§ **Description of the task**
Nothing but the pictures should be left out when you copy the records exactly.

Text-to-region grounding data:

Segment Open

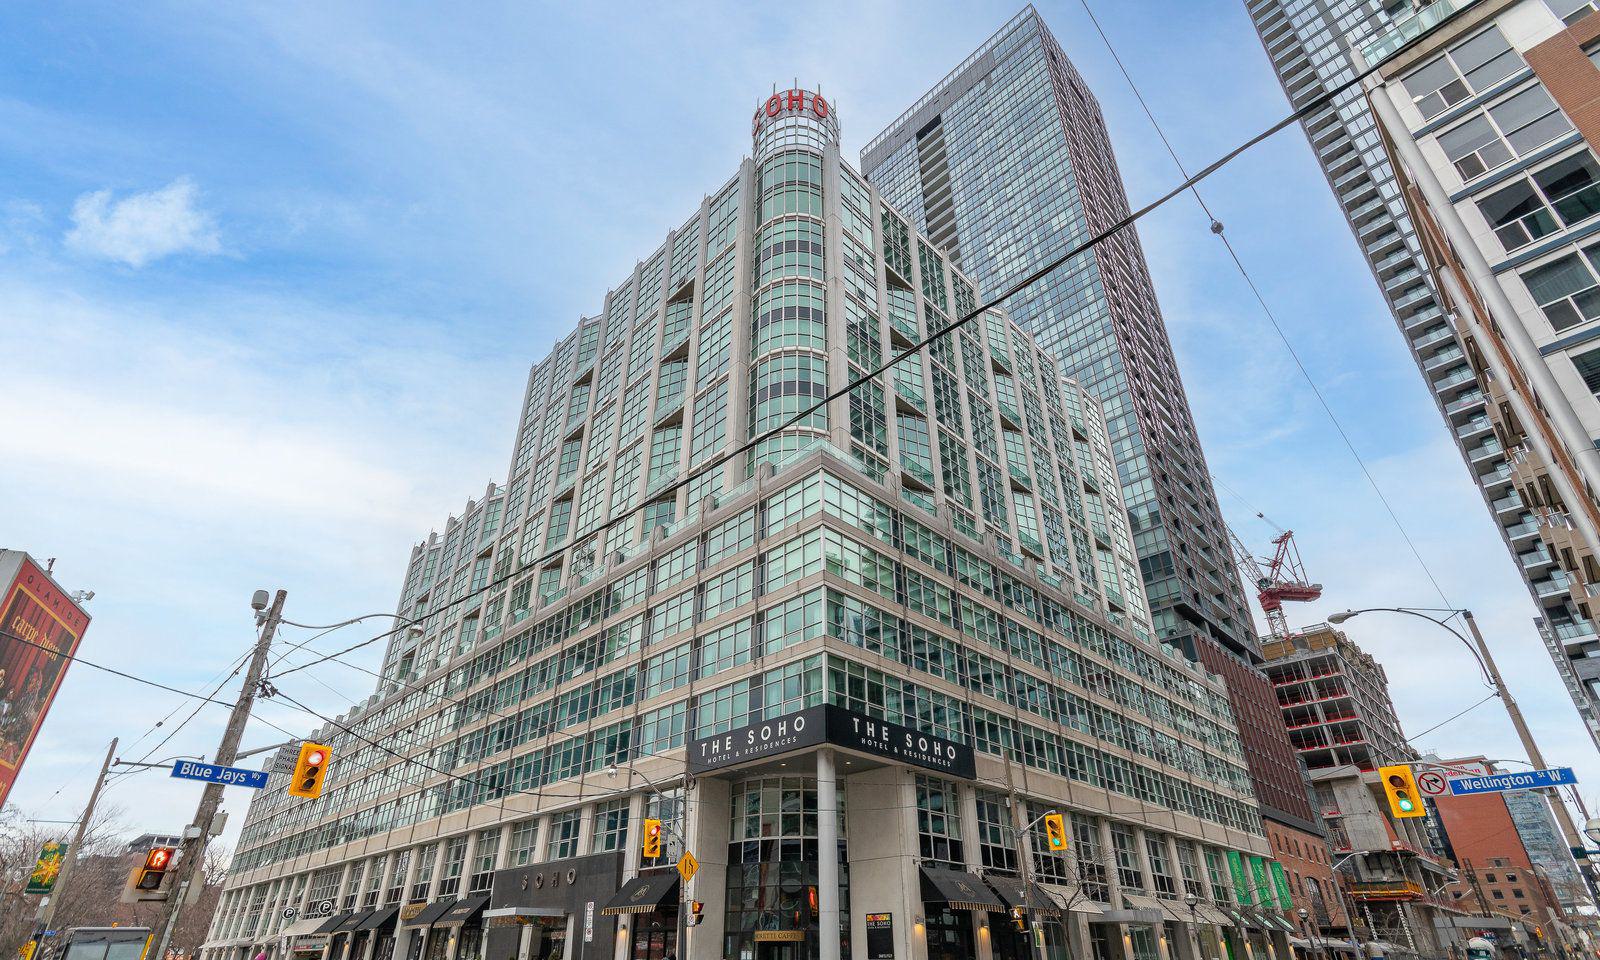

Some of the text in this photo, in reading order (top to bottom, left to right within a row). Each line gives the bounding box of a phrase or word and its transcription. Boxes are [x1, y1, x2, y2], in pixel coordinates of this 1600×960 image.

[27, 575, 81, 627] OLAMIDE
[701, 716, 805, 757] THE SOHO
[707, 753, 731, 764] HOTEL
[744, 736, 797, 755] RESIDENCES
[853, 717, 956, 759] THE SOHO
[861, 738, 888, 751] HOTEL
[903, 749, 951, 767] RESIDENCES
[180, 763, 262, 784] Blue Jays Wy
[1459, 775, 1534, 790] Wellington
[1548, 769, 1561, 782] W
[521, 868, 576, 890] SOHO

Segment Closed

§ **Solution to the exercise**
Some of the text in this photo, in reading order (top to bottom, left to right within a row). Each line gives the bounding box of a phrase or word and its transcription. Boxes are [x1, y1, x2, y2], in pixel coordinates of this 1600×960 image.

[27, 575, 81, 627] OLAMIDE
[701, 716, 805, 757] THE SOHO
[707, 753, 731, 764] HOTEL
[744, 736, 797, 755] RESIDENCES
[853, 717, 956, 759] THE SOHO
[861, 738, 888, 751] HOTEL
[903, 749, 951, 767] RESIDENCES
[180, 763, 262, 784] Blue Jays Wy
[1459, 775, 1534, 790] Wellington
[1548, 769, 1561, 782] W
[521, 868, 576, 890] SOHO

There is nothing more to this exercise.